Yesterday, November 1st at 6:15 p.m. I had my first pregnancy puke. It was awful! I had been feeling nauseated all day long and had started randomly crying like 3 times throughout the day. And the thing that is frustrating about the crying is that I knew in my head that it was stupid for me to be crying but I couldn't stop! The tears and the sobs just kept coming. This is ultimately what lead to my first throw up experience. The sobs shook my insides just enough to make me puke up the apple sauce and couple pieces of Halloween candy that I had eaten only about an hour before. It was the worst! It got in my hair- and that only made me cry more!
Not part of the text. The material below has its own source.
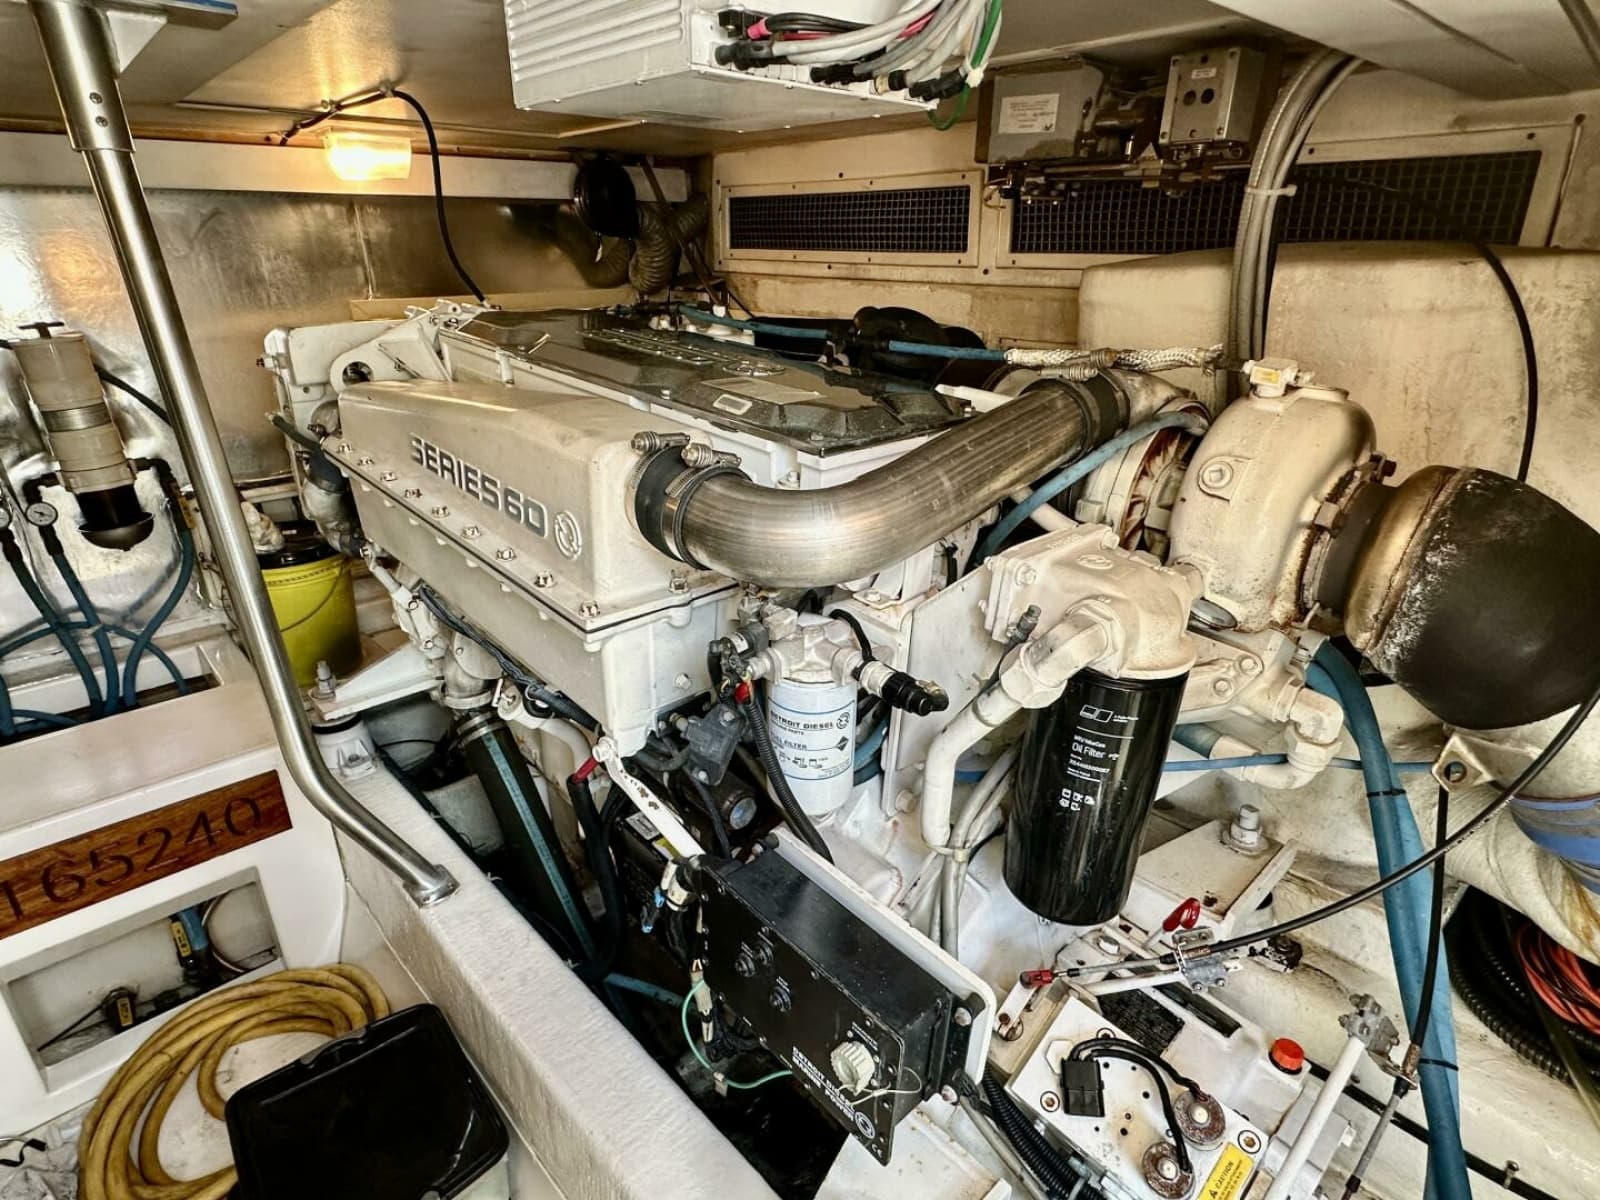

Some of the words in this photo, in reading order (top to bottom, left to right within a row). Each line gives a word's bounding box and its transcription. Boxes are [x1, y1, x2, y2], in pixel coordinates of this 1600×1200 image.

I was nauseated all night and still am this morning. I know I probably have more "morning sickness" in my future and I am not looking forward to that at all. I have said it a million times- I would rather be stuck on the toilet all night with diarrhea than to be throwing up. I haaaaaaaate it! I feel so miserable- and feel extremely guilty about feeling so miserable. I have finally had the blessing of pregnancy bestowed upon me and the past couple days the misery has been over-shadowing the joy. I am incredibly grateful to be able to bear a child of my own, but I didn't realize how much it takes out of you. Obviously I was aware of symptoms, but actually experiencing those symptoms is whole other experience. I literally felt like the walking dead yesterday. My stomach was so unsettled, all I wanted to do all day was lie down so my stomach didn't get jostled. I am soooooo tired- like always. Even after I wake up- still tired! My boobs are still pretty sore. I feel like I have to wear some sort of bra 24/7 because as soon as I take a bra off it feels like I did something to make gravity really angry and they feel super sore and heavy. I can smell EVERYTHING- which can be good but now that the pukies have shown up, probably not so good.
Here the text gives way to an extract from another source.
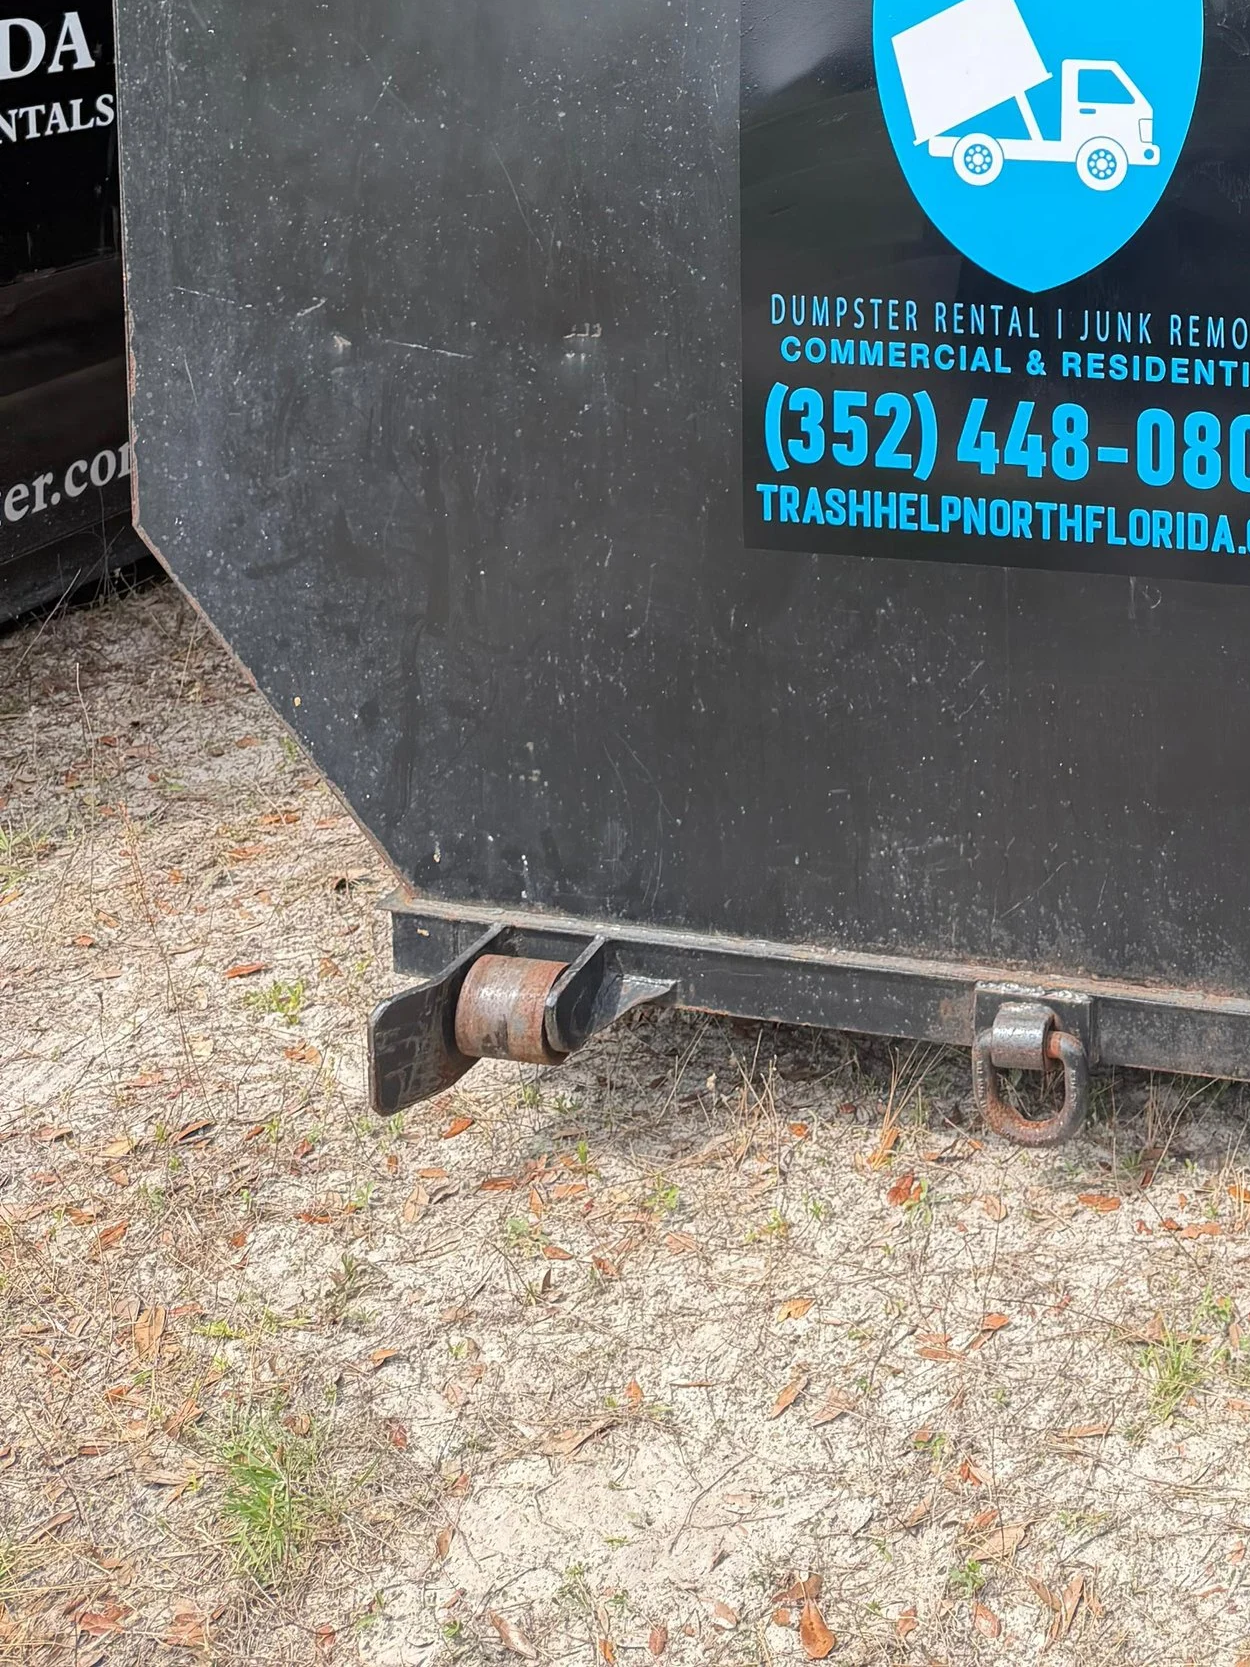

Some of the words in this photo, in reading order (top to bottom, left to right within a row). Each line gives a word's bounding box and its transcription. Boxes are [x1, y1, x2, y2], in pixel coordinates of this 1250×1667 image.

I wanted to make dinner last night but the only thing that sounded good to me graham crackers and ginger ale- which Nathan so lovingly went and got for me. I feel like a bad wife because I can't even think about making my husband food without feeling like I am going to barf everywhere. I have like no energy or motivation to do chores. I just want to curl up in a ball under my blankey...which by the way is only comfortable for about an hour and then I wake up dying because I feel so hot!
The more of these not-so-fun symptoms I experience, the longer 9 months seems.....
Yesterday was the first day that I kinda wished we had told some people- I really needed a shoulder a cry on- preferably a shoulder attached to a person who has experienced this all before. Oh well- people will find out soon enough. We are thinking of telling the families at Thanksgiving now, as long as all our ultra sounds are looking good and healthy.
Well I am going to go sip my ginger ale and lay down....and let's be honest- probably cry.
I'll write again when I have something to share, other than whining.